Shelby Township
July 10, 2012Local artist reflects on design, unveiling of county war memorial
By Brad D. Bates
C & G Staff Writer
SHELBY TOWNSHIP — Norma Jean Randazzo hopes what started as a reaction to tragedy more than a decade ago results in a sense of peace and remembrance.
Following the terror attacks of Sept. 11, 2001, Randazzo toyed with the notion of submitting a design for a national memorial in New York City before settling on a site and concept closer to home.
At the urging of and with help from her husband, Phil Randazzo, the Shelby Township veterans event coordinator, Randazzo’s design will come to life with a dedication ceremony at 1:30 p.m.

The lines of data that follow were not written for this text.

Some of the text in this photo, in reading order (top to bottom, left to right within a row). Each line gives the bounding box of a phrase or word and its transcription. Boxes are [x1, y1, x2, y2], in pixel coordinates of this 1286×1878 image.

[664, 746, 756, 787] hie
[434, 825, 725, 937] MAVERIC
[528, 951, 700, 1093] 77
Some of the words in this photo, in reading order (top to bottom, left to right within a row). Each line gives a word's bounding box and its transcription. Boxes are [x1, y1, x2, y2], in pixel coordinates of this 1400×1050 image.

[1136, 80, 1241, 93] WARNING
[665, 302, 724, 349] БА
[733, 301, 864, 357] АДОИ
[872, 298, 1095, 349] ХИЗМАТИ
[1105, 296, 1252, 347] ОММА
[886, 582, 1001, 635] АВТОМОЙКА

July 15 outside the Macomb County Administration Building at 1 S. Main St. in Mount Clemens.
Her final design, titled the “Heart of America,” is not a national memorial for the terror attack victims, but one for Macomb County’s fallen heroes from the global war on terror.
“I was working the day the towers went down, and I remember telling the doctor that one of the towers had collapsed,” Randazzo said, recalling the tragic morning of Sept. 11 as she worked at the John D. Dingell VA Hospital. “My boss looked at me like, ‘What are you talking about?’”

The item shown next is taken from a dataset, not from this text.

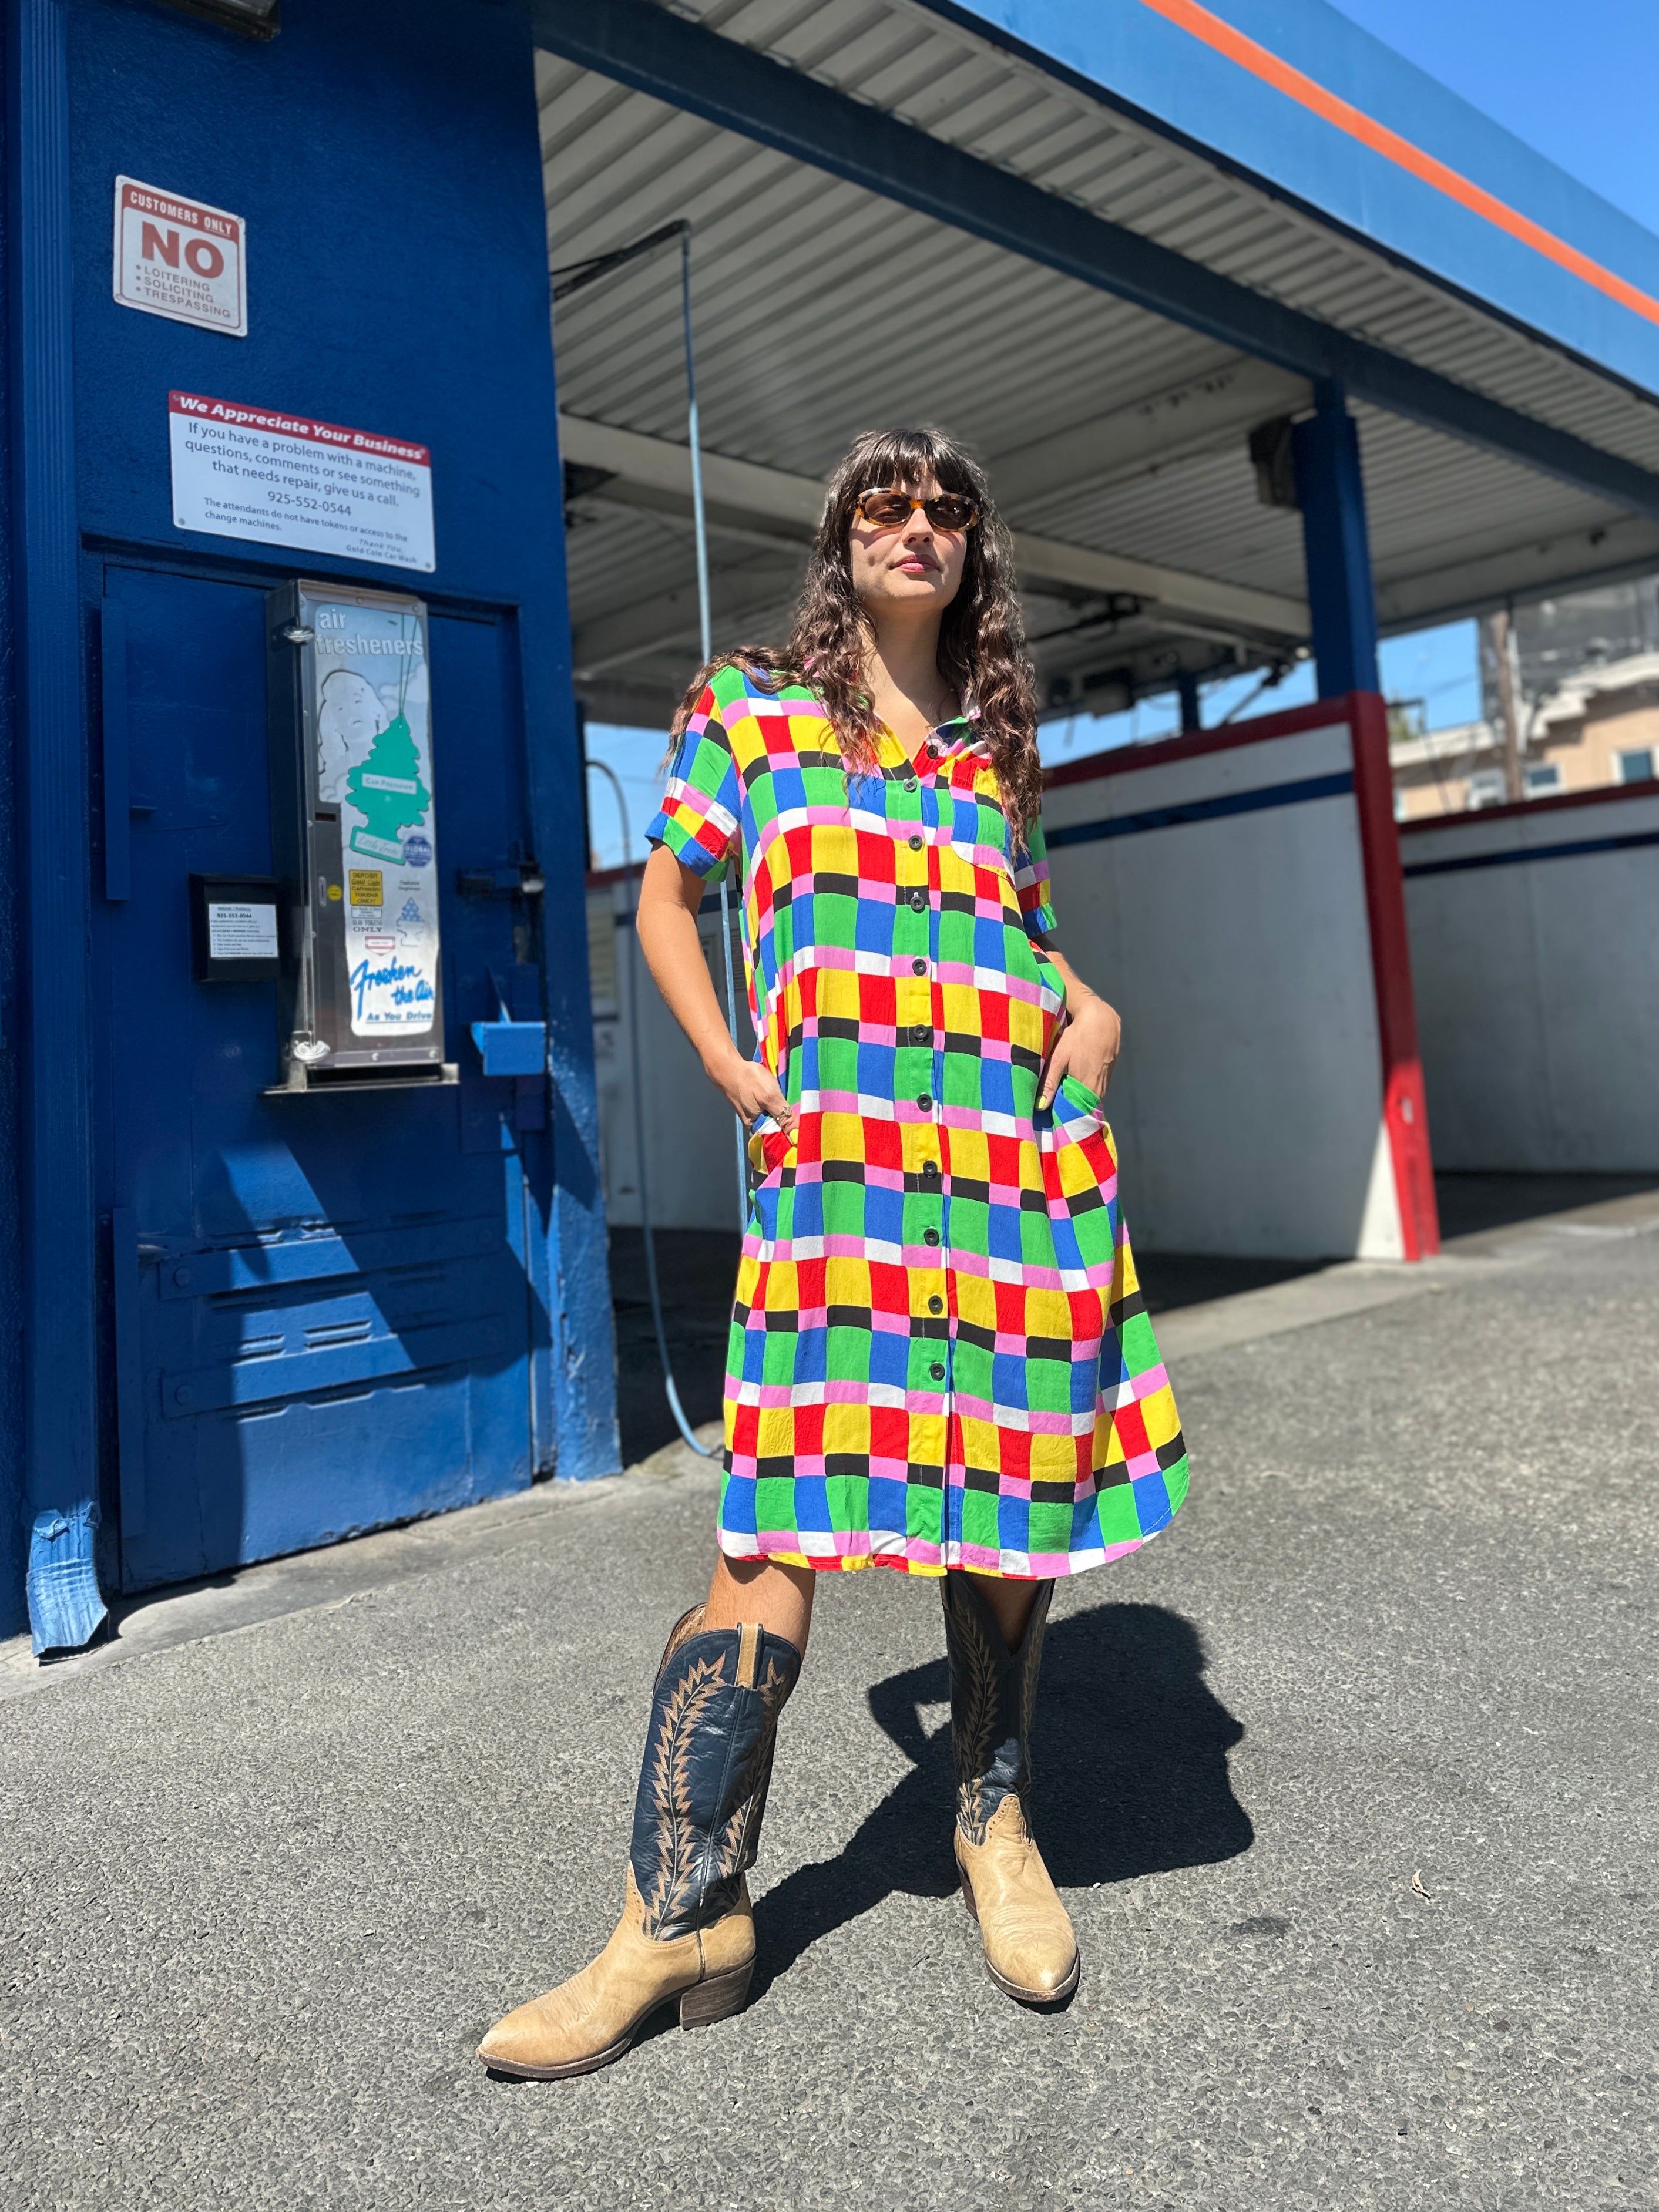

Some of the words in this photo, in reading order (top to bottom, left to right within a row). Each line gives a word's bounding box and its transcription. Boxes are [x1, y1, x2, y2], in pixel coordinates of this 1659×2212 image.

Randazzo, a retired intelligence analyst in the U.S. Army Reserve, said her time working with veterans at the hospital, where she has spent more than 20 years and where she and Phil met, guided the memorial’s design.

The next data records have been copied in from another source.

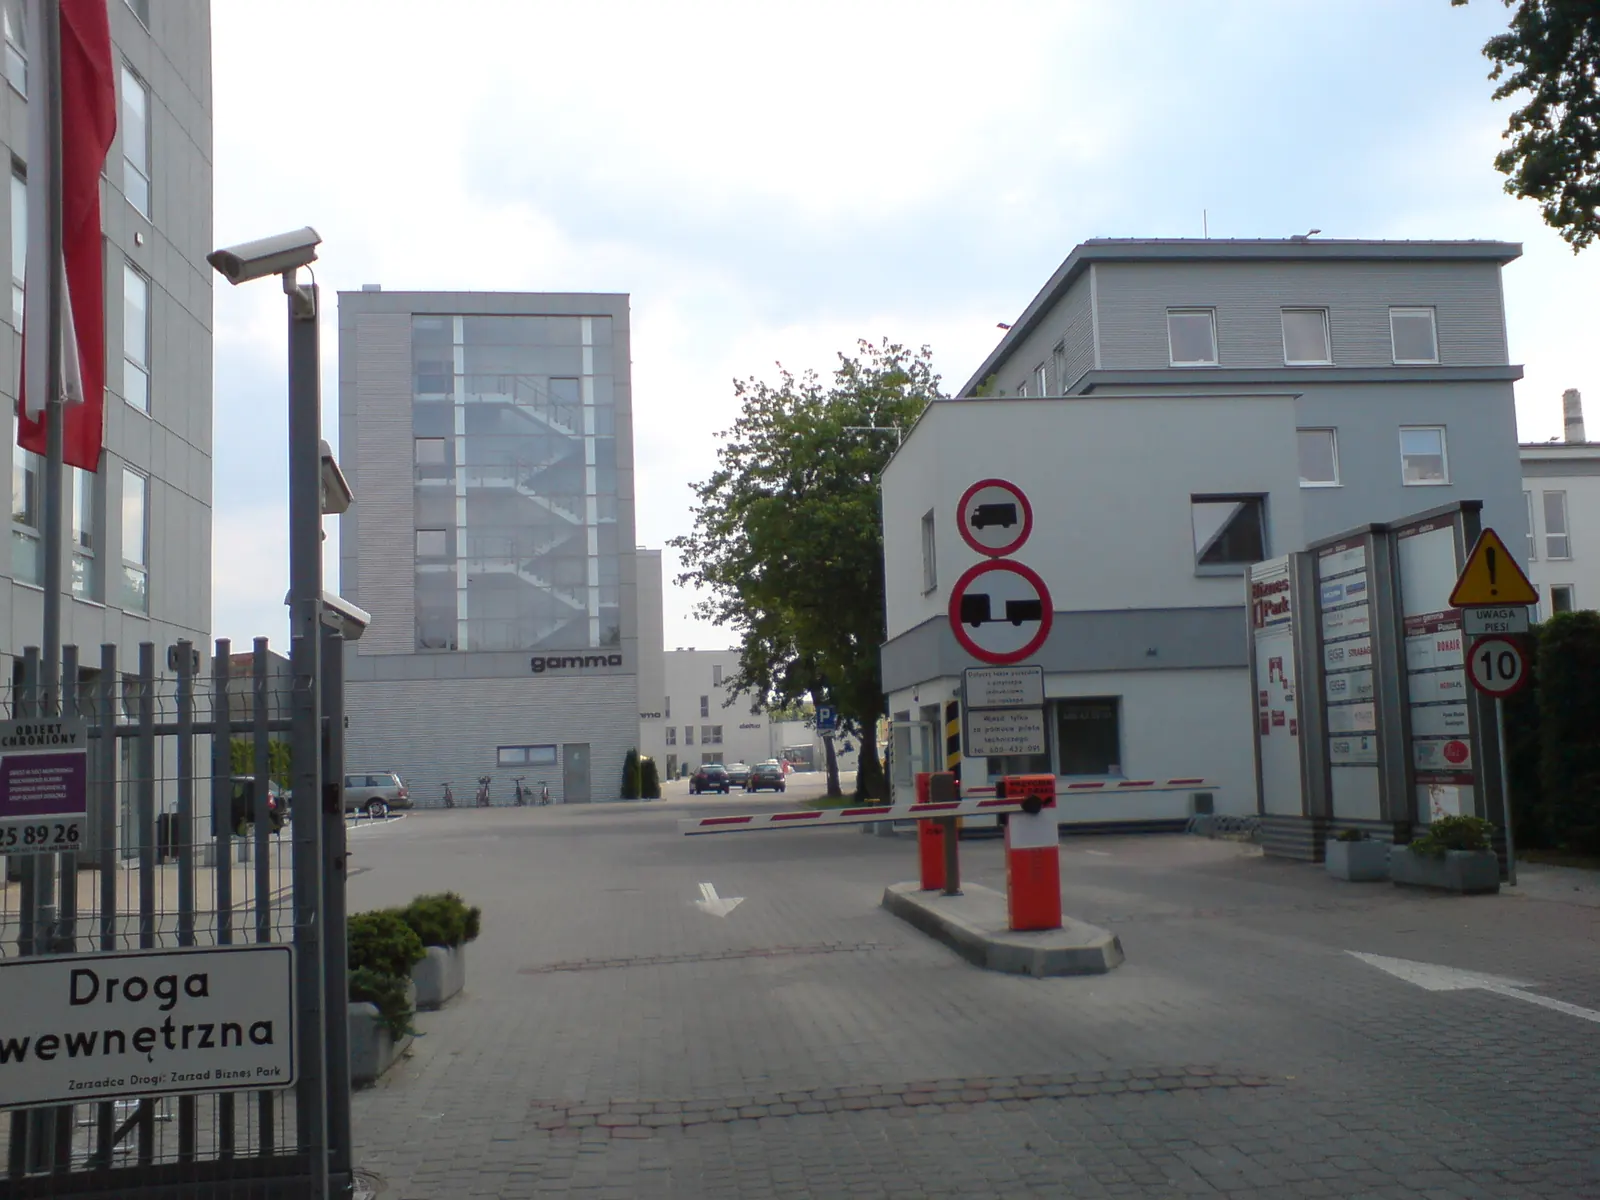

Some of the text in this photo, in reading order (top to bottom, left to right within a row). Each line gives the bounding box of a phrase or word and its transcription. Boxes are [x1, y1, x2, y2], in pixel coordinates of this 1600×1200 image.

[1263, 596, 1290, 616] Park
[1476, 609, 1516, 619] UWAGA
[1484, 622, 1509, 632] PIESI
[530, 654, 622, 673] gamma
[1481, 650, 1516, 681] 10
[819, 708, 830, 723] P
[15, 723, 62, 736] OBIEKT
[1, 733, 77, 747] CHRONIONY
[23, 825, 49, 846] 89
[53, 823, 80, 844] 26
[69, 968, 210, 1011] Droga
[0, 1015, 275, 1064] wewnętrzna
[215, 1068, 252, 1079] Biznes
[256, 1065, 282, 1078] Park

“The feelings and the thoughts built it,” Randazzo said of the design.
Experiences such as her relationship with Phil, who was awarded two purple hearts and two bronze stars from his time serving in Vietnam; seeing the effects of war on her father, a veteran of World War II battles, such as the Battle of the Bulge; losing her first boyfriend to an enemy’s bullet in his first month in Vietnam; and the scores of veterans from Iraq and Afghanistan she regularly sees at the veterans’ hospital contributed to the design process
“I thought about my father, Phil, my ex-boyfriend,” Randazzo added. “They were all in my mind, and I wanted to show respect for them.”
Randazzo said the specific experiences with her father’s post-traumatic stress disorders following his time in battle to helping her husband through his trials as a combat-wounded Vietnam veteran and helping the veterans from Iraq and Afghanistan recover and readjust to home gave her the mindset to approach such a monumental task.
“You have to be inside to really know what they’ve gone through,” she said. “That’s why it takes so long for a veteran to be home before anyone understands what they’re going through.
“I know the approach to (honoring) veterans evolves with the different wars or conflicts because there are different things going on.”
Randazzo said she drew inspiration from the way the Korean War Veterans Memorial and the Vietnam Veterans Memorial in Washington, D.C., represent the conflicts and their soldiers, and that she tried a similar approach with her design.
“It has to be unique to each one, but they are all fighting for the same reasons,” she said. “It’s like a diamond with all the different facets.”
The memorial, in the shape of a pentagon with twin towers at the top to honor Sept. 11 and the names of all the county’s fallen soldiers engraved on the sides of a 9-foot column, will sit in front of the flagpoles outside the building that’s flanked on both sides by Gratiot Avenue.
“This memorial shows why those guys went over there to fight and die,” said Phil Randazzo, who has worked since 2004 on fundraising more than $10,000 for the organization and construction of the memorial.
“This memorial shows that these guys went and fought and died to avenge those people who were killed in the Pentagon and in the Twin Towers.”
Along with honoring the fallen heroes, the Randazzos hope that the memorial helps the families of the fallen grieve and remember their loved ones.
“I’ve got a lot of stories,” Phil Randazzo said of the importance the memorial took on as he formed bonds with the families of the fallen.
“I had one father who said he wanted to make a donation to the memorial, but he wanted to send it to me personally. When it came in the mail, I opened the envelope he sent me, and in the envelope with a check were his son’s dog tags. He wanted me to have those.”
Experiences like that intensified the Randazzos’ desire to make sure the memorial was done right and showed them its greatest value within the community.
“I wanted it to be a touching memorial for the friends and families,” Randazzo said. “The sun will warm the stone, and they can touch it and know peace. If they miss that person, they could go there and be with them for a moment.”
And the emotions of those families and all of the veterans that have touched her life will not be far from Randazzo’s thoughts as the memorial is officially unveiled.
“It will definitely touch me,” she said. “I have Phil there, and he takes the brunt of (the attention), so I’m lucky that I will be able to stay in the background. I’m sure it will hit me deeply, though, and I’ll be proud of Phil.
“And I’m going to be having the emotions of the parents of those who are going to have their names up there. Those people will be the ones. It will filter through me what they’re feeling."